Transferred from: (41 messages) explain PyTorch project in detail. Use tensorboardx for training visualization_ Shallow temple - CSDN blog_ tensorboardx
What is TensorboardX
Tensorboard is an additional tool of TensorFlow, which can record the digital, image and other contents of the training process, so as to facilitate researchers to observe the neural network training process. However, for other neural network training frameworks such as PyTorch, there are no similar tools with the same comprehensive functions as tensorboard. Some existing tools have limited functions or are difficult to use (tensorboard_logger, visdom, etc.). Tensorboard x is a tool that enables other neural network frameworks other than TensorFlow to use the convenient functions of tensorboard. The github warehouse of TensorboardX is here.
Configure TensorboardX
Environmental requirements
- Operating system: MacOS / Ubuntu (Windows not tested)
- Python2/3
- PyTorch >= 1.0.0 && torchvision >= 0.2.1 && tensorboard >= 1.12.0
The above version requires you to correspond TensorboardX@1.6 edition. In order to ensure the timeliness of the version, we recommend that you follow tensorboardx README in github warehouse Configure the environment according to the requirements of.
install
You can install directly using pip or from the source code.
Installing using pip
pip install tensorboardX
Install from source
git clone https://github.com/lanpa/tensorboardX && cd tensorboardX && python setup.py install
Using TensorboardX
First, you need to create an example of SummaryWriter:
#for instance
from tensorboardX import SummaryWriter # Creates writer1 object. # The log will be saved in 'runs/exp' writer1 = SummaryWriter('runs/exp') # Creates writer2 object with auto generated file name # The log directory will be something like 'runs/Aug20-17-20-33' writer2 = SummaryWriter() # Creates writer3 object with auto generated file name, the comment will be appended to the filename. # The log directory will be something like 'runs/Aug20-17-20-33-resnet' writer3 = SummaryWriter(comment='resnet')
The above shows three methods to initialize SummaryWriter:
- Provide a path that will be used to save the log (such as writer1 above)
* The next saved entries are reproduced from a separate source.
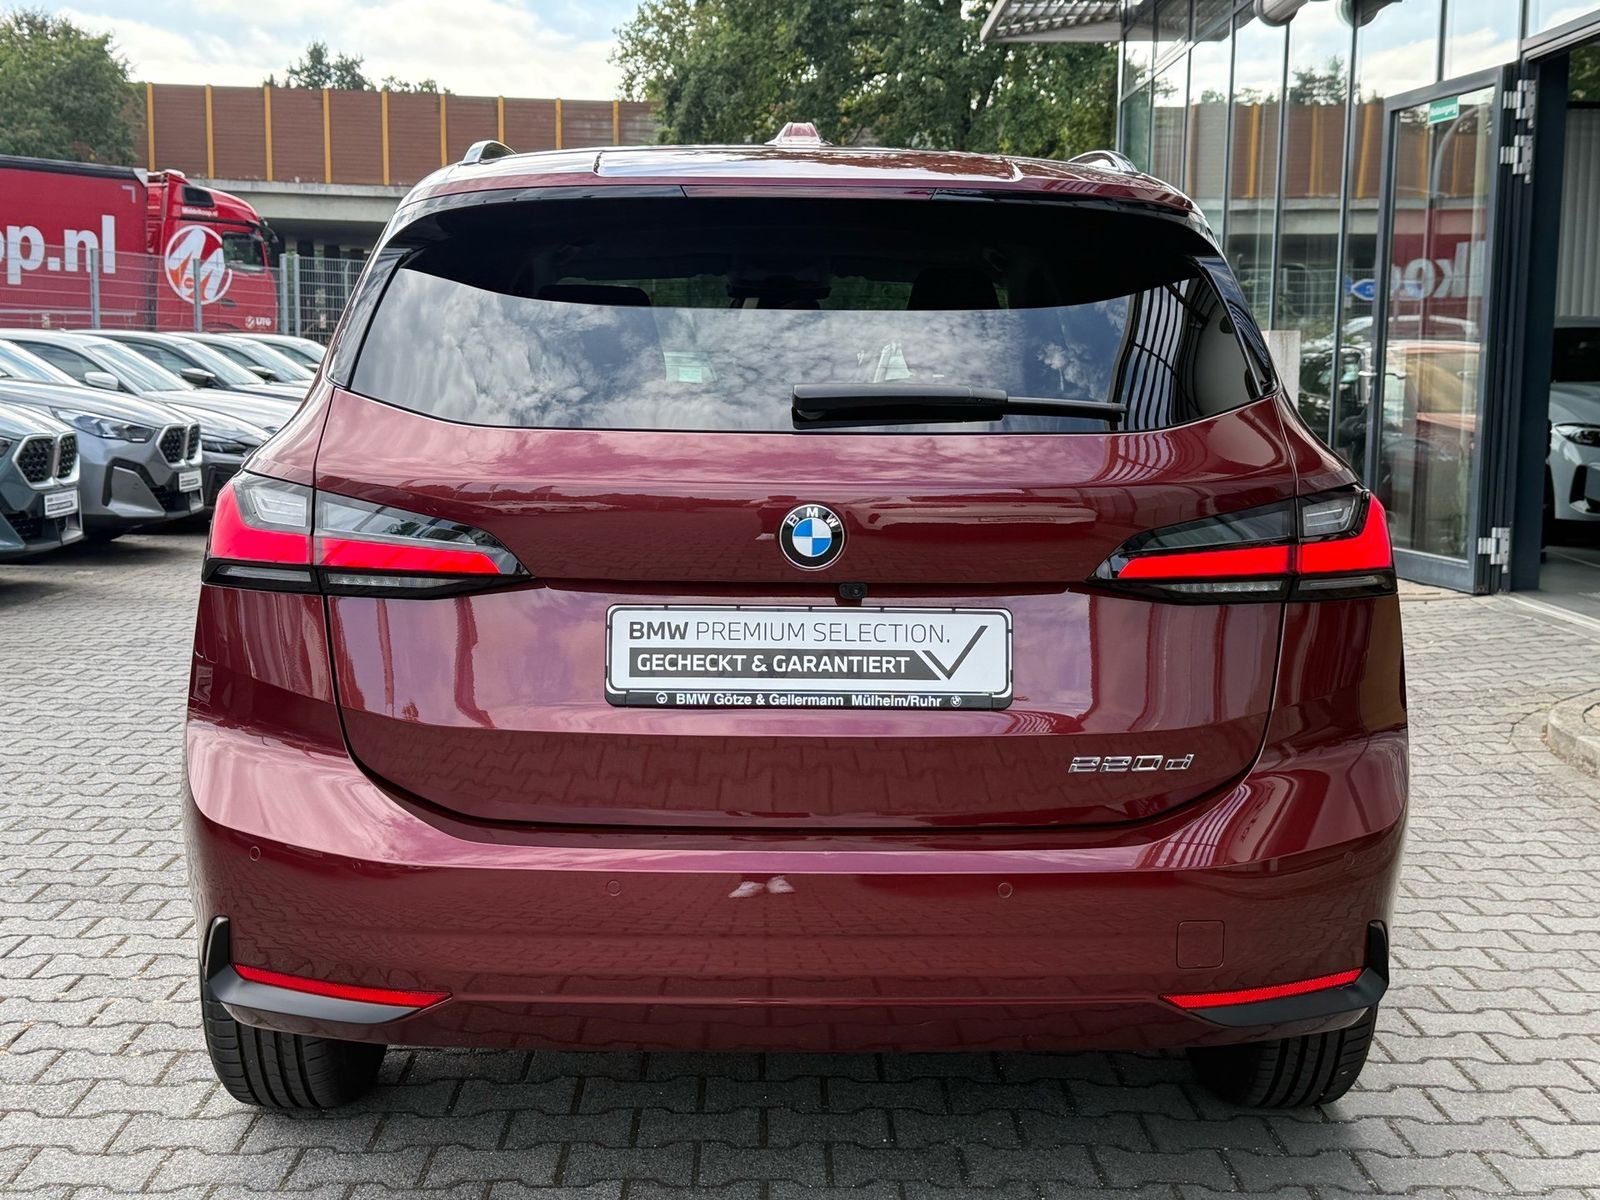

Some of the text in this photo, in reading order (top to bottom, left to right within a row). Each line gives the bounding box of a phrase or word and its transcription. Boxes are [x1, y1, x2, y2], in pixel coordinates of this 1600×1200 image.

[0, 214, 116, 285] p.nl
[786, 507, 839, 528] BMW
[629, 621, 950, 644] BMW PREMIUM SELECTION.
[637, 653, 911, 674] GECHECKT & GARANTIERT
[676, 692, 942, 708] BMW Götze & Gellermann Mülheim/Ruhr
[1068, 753, 1195, 774] 220d
- No parameters, the default is runs / date time Path to save the log (such as writer2 above)
- Provide a comment parameter that will use runs / datetime - Comment Path to save the log (such as writer3 above)
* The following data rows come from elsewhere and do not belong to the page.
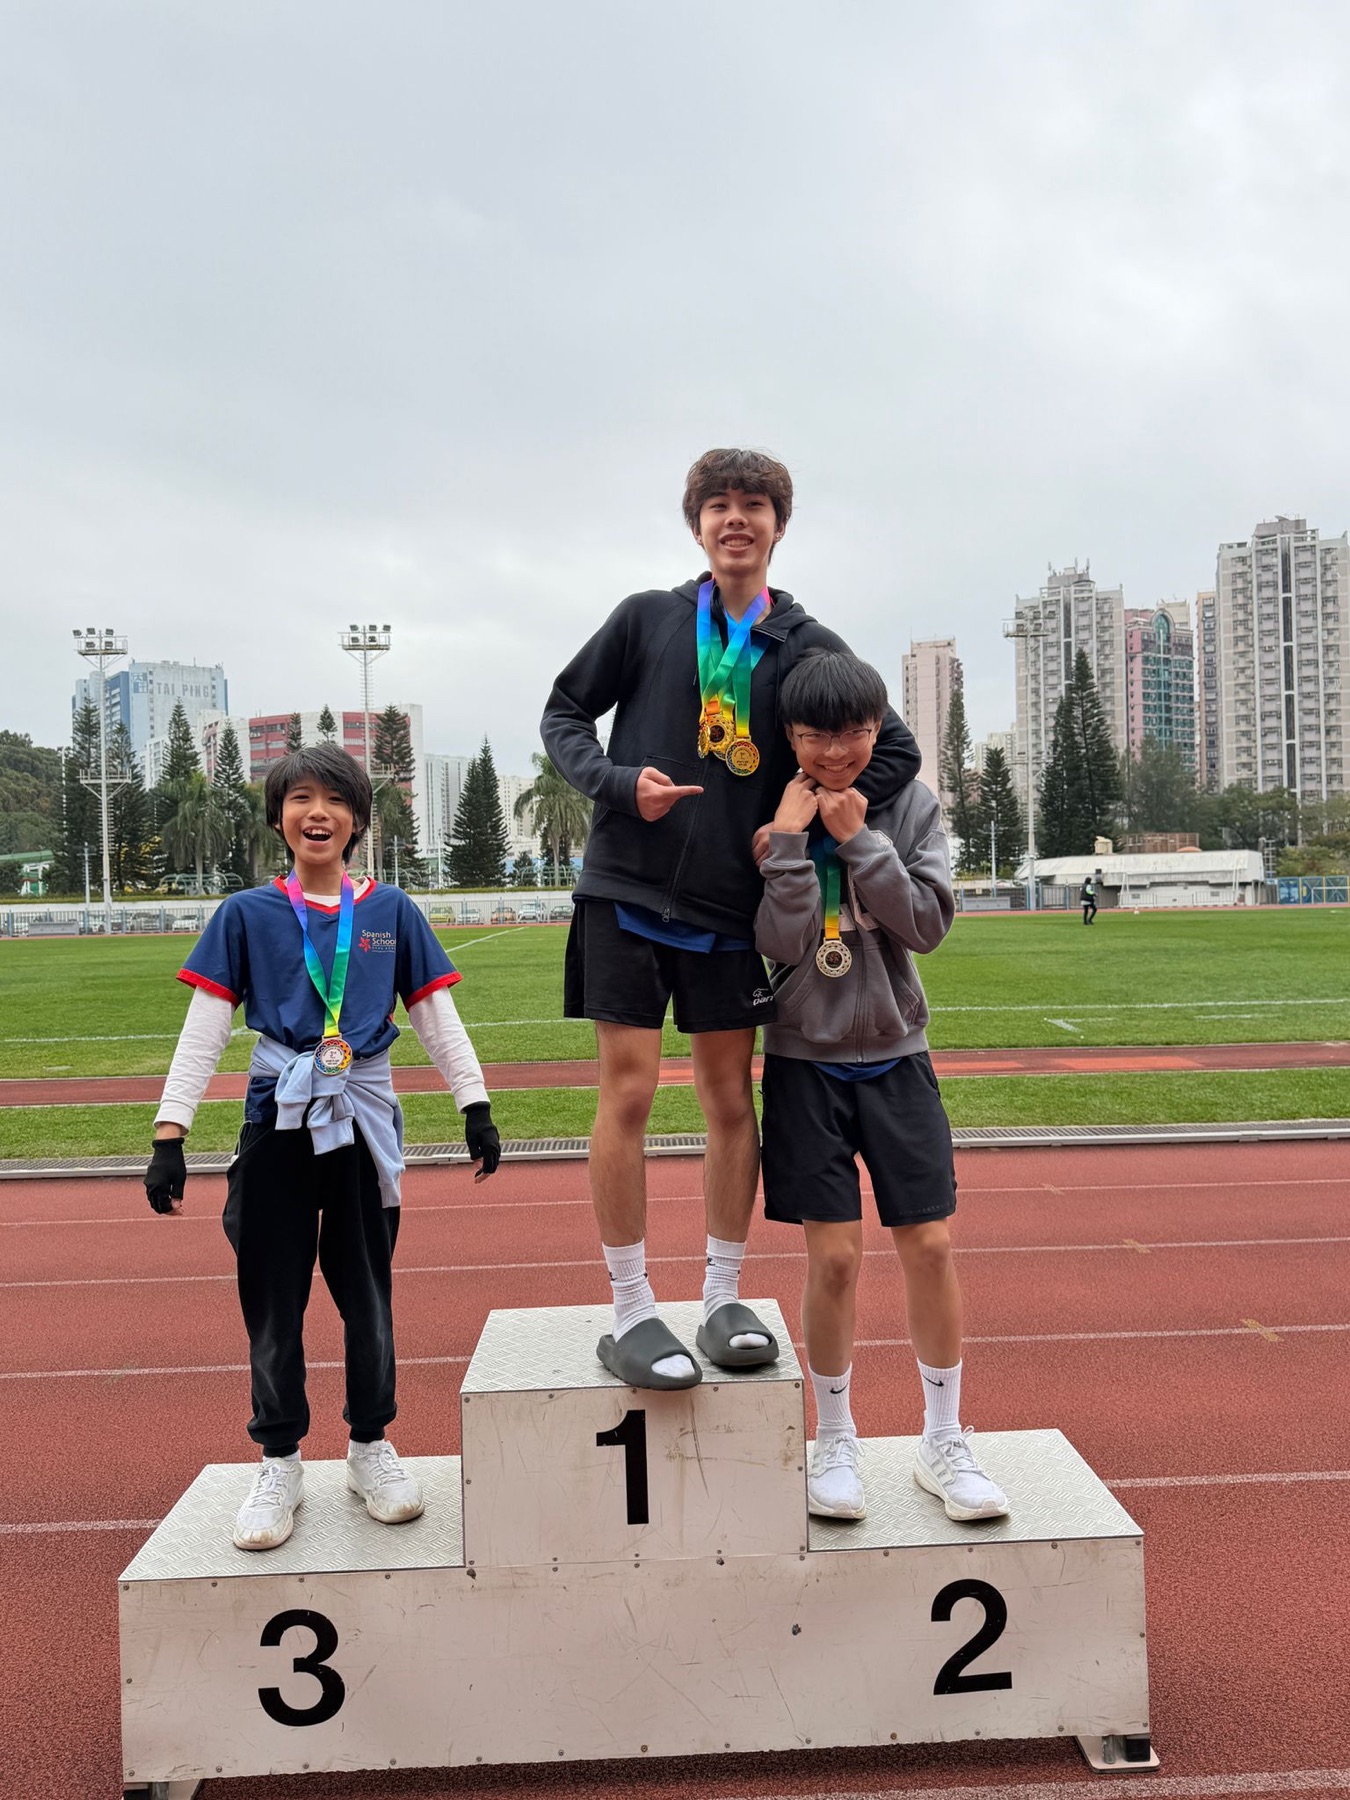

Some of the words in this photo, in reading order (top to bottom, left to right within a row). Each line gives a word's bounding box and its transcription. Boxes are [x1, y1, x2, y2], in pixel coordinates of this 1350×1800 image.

[156, 682, 175, 696] TAI
[182, 684, 209, 698] PING
[362, 929, 391, 939] Spanish
[372, 937, 396, 945] School
[596, 1409, 649, 1525] 1
[258, 1609, 345, 1726] 3
[931, 1579, 1012, 1695] 2
Generally speaking, we create a SummaryWriter with different paths for each experiment, which is also called a run, such as runs/exp1 and runs/exp2.
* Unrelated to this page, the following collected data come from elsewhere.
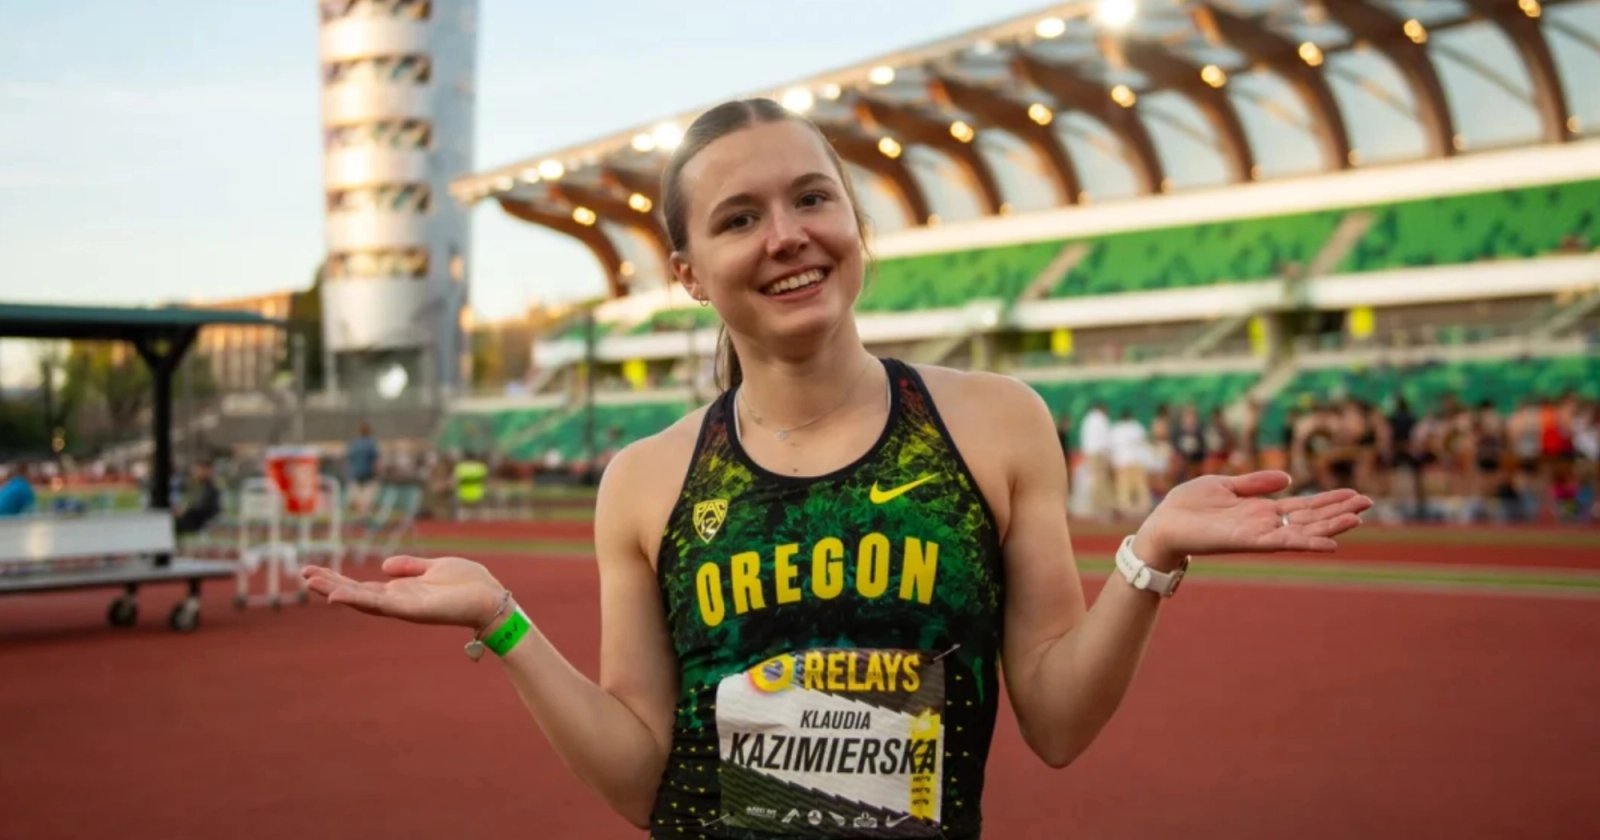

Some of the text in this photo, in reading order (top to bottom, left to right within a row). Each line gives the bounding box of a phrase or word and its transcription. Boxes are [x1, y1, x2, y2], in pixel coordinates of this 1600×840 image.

[695, 500, 727, 524] PAC
[701, 517, 717, 534] 12
[696, 532, 939, 627] OREGON
[804, 651, 920, 692] RELAYS
[800, 710, 871, 730] KLAUDIA
[729, 733, 937, 774] KAZIMIERSKA
Next, we can call various add_something methods of the SummaryWriter instance to write different types of data to the log. To view and visualize these data in the browser, just open tensorboard on the command line:
tensorboard --logdir=<your_log_dir>
Note: in the above command, < your_log_dir > can be the path of a single run, such as runs/exp generated by writer1 above, or the parent directory of multiple runs, such as runs / below, there may be many subfolders, and each folder represents an experiment.
By making -- logdir=runs /, we can easily compare the data obtained from different experiments under runs / horizontally in the tensorboard visual interface.
Use various add methods to record data
The following describes various data recording methods of the SummaryWriter instance in detail, and provides corresponding examples for reference. (you can run tests)
Digital (scalar)
use add_scalar Method to record numeric constants.
add_scalar(tag, scalar_value, global_step=None, walltime=None)
parameter
tag (string): Data name. Data with different names are displayed by different curves scalar_value (float): Numeric constant value global_step (int, optional): Trained step walltime (float, optional): Record the time of occurrence,Default to time.time()
It should be noted that the scalar_value here must be of float type. If it is a PyTorch scalar tensor, you need to call the. item() method to obtain its value. We generally use the add_scalar method to record the changes of loss, accuracy, learning rate and other values in the training process, so as to intuitively monitor the training process.
Example:
from tensorboardX import SummaryWriter writer = SummaryWriter('runs/scalar_example') for i in range(10): writer.add_scalar('quadratic', i**2, global_step=i) writer.add_scalar('exponential', 2**i, global_step=i)
Here, we are in a path for runs/scalar_example The quadratic function data is written in the run of quadratic And exponential function data Exponential, the effect of the original blogger in the browser visual interface is as follows:
But in my local area, there is no curve (my corresponding version is: tensorboard = = 2.6.0, tensorflow = = 2.6.2, Torch = = 1.10.0, torch vision = = 0.11.1, OS is win10, please let me know)
Create a new python file as follows
from tensorboardX import SummaryWriterwriter = SummaryWriter('runs/another_scalar_example') for i in range(10): writer.add_scalar('quadratic', i**3, global_step=i) writer.add_scalar('exponential', 3**i, global_step=i)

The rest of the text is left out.